In our coding of 0 and 1, the conditional mean of the 0 1 variable given X is just the chance that Y is 1 given X, as determined by simple probability theory.
As a result, you may believe that regression is ideal for this purpose. However, we’ll see that linear regression might give probabilities that are less than 0 or even more than 1.
As a result, we’ll show you how to use logistic regression, which is more suited. And here’s a tiny illustration to prove it.
We’ve got our balance variable here. We’ve now planned against the balance. The browns are the 0’s at the bottom, displayed as small dashes.
At the bottom, the small brown spikes are all clumped together. The 1s are plotted at the top of the page. And we can see the division. The brown 0’s are to the left of the center of gravity.
And the ones on the right are the ones. The blue line is a line of linear regression. It drops to a negative number.
So that’s not a very good probability estimate. It also doesn’t seem to go high enough on the right-hand side, where there appears to be a distinct preponderance of yes.
The foot of logistic regression may be seen in the right-hand graphic. And it appears to be performing admirably in this instance.
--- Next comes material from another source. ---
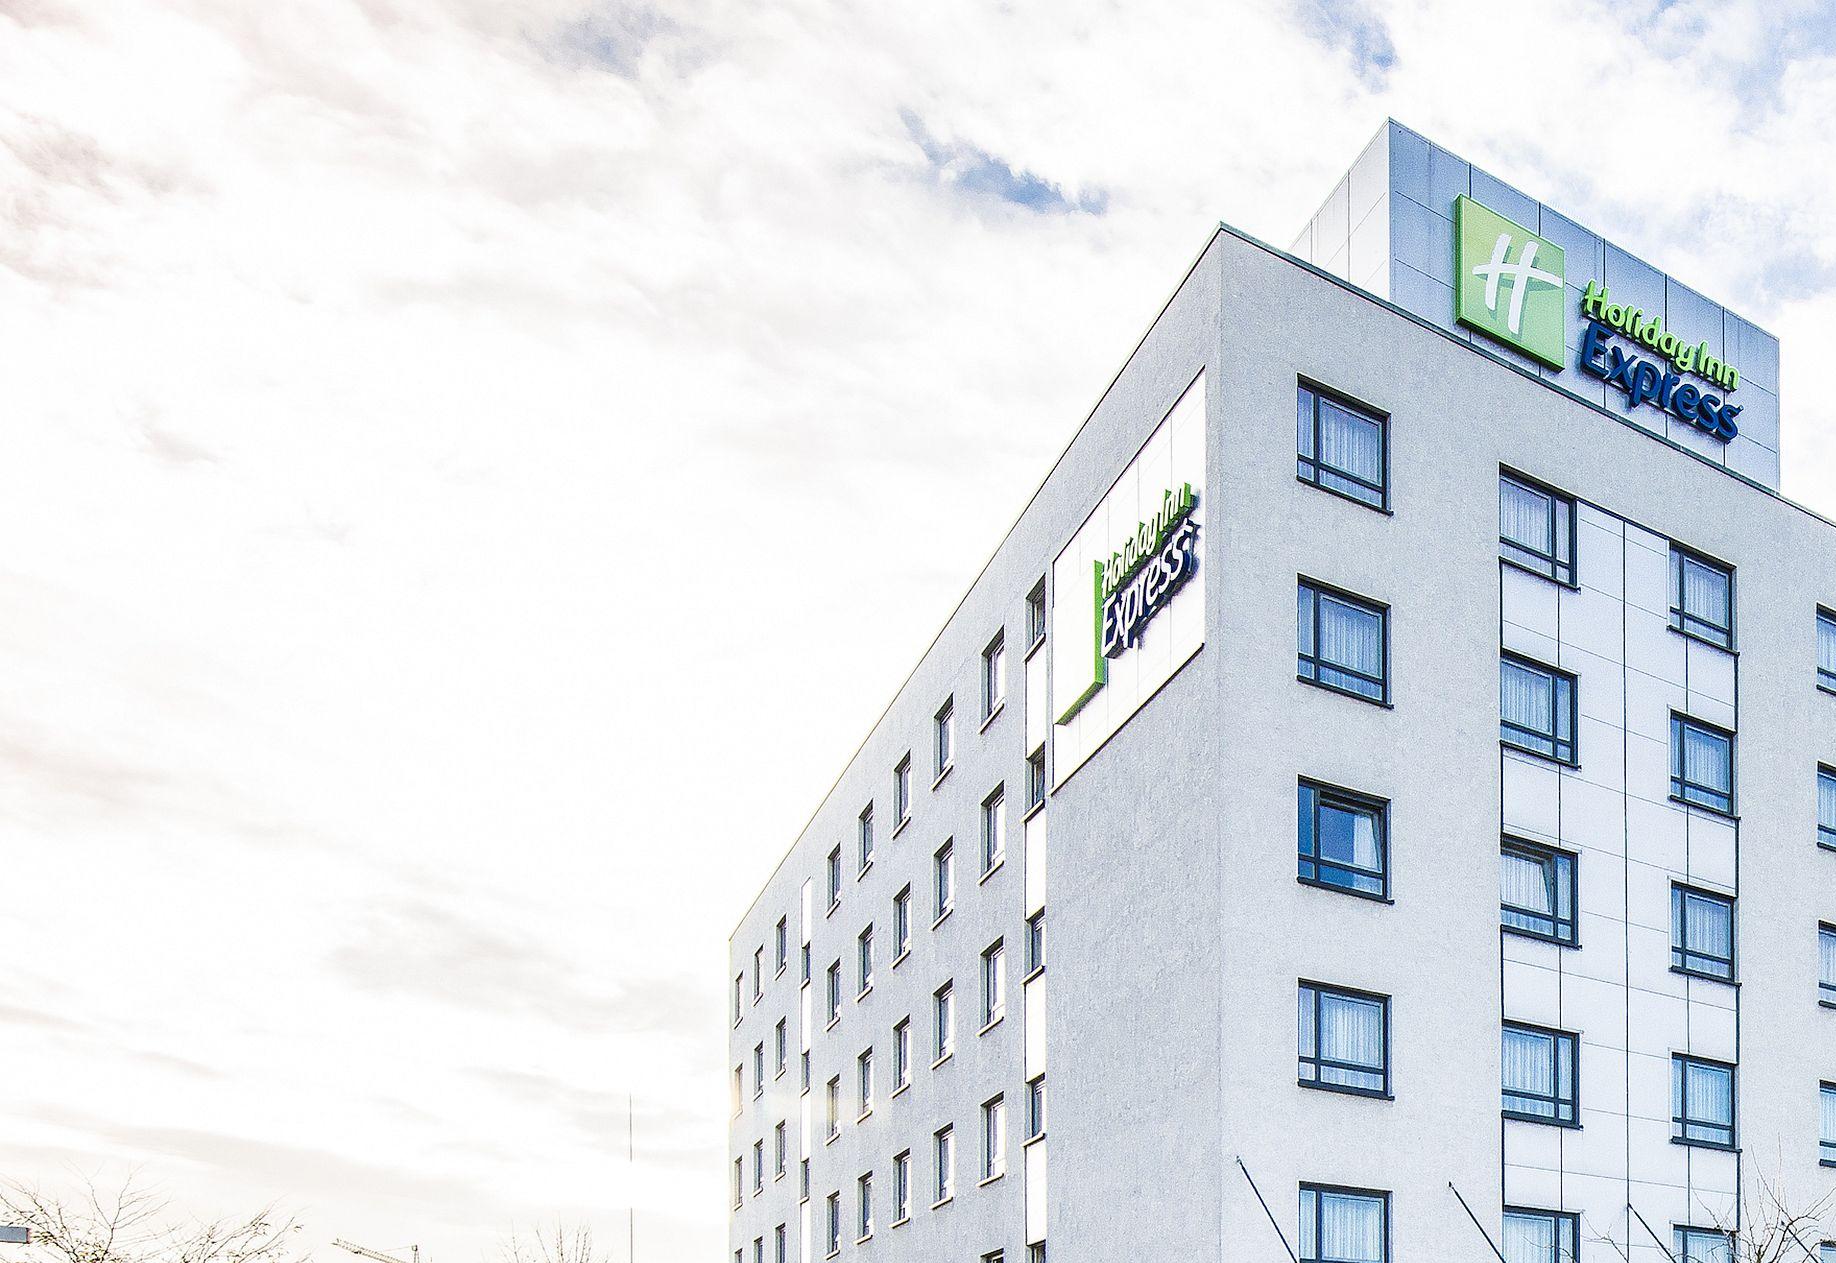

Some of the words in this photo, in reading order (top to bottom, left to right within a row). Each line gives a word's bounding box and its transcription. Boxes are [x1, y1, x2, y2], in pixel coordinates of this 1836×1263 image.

It never goes above 0 and 1, and it always seems to go up to where it’s supposed to go up.
In terms of predicting probabilities, it appears that linear regression isn’t doing that well.
So, what happens if we have a variable with three categories?. So here’s a variable that takes on three levels and measures the patient’s state in an emergency room.
It’s a stroke if it’s 1, a drug overdose if it’s 2, and an epileptic seizure if it’s 3.
So, if we code those as 1, 2, and 3, which is an arbitrary but natural choice, this coding may indicate an ordering when there isn’t one.
And it could indicate that the one-unit difference between a stroke and a drug overdose is the same as the one-unit difference between a drug overdose and an epileptic episode.
When you have more than two categories, it seems risky to assign numbers to them arbitrarily, especially if you’re planning to utilize it in linear regression.
And it turns out that linear regression isn’t the best option. We’ll use multiclass logistic regression or discriminant analysis to solve problems like these.
Ok too much in this post, will discuss more in an upcoming post.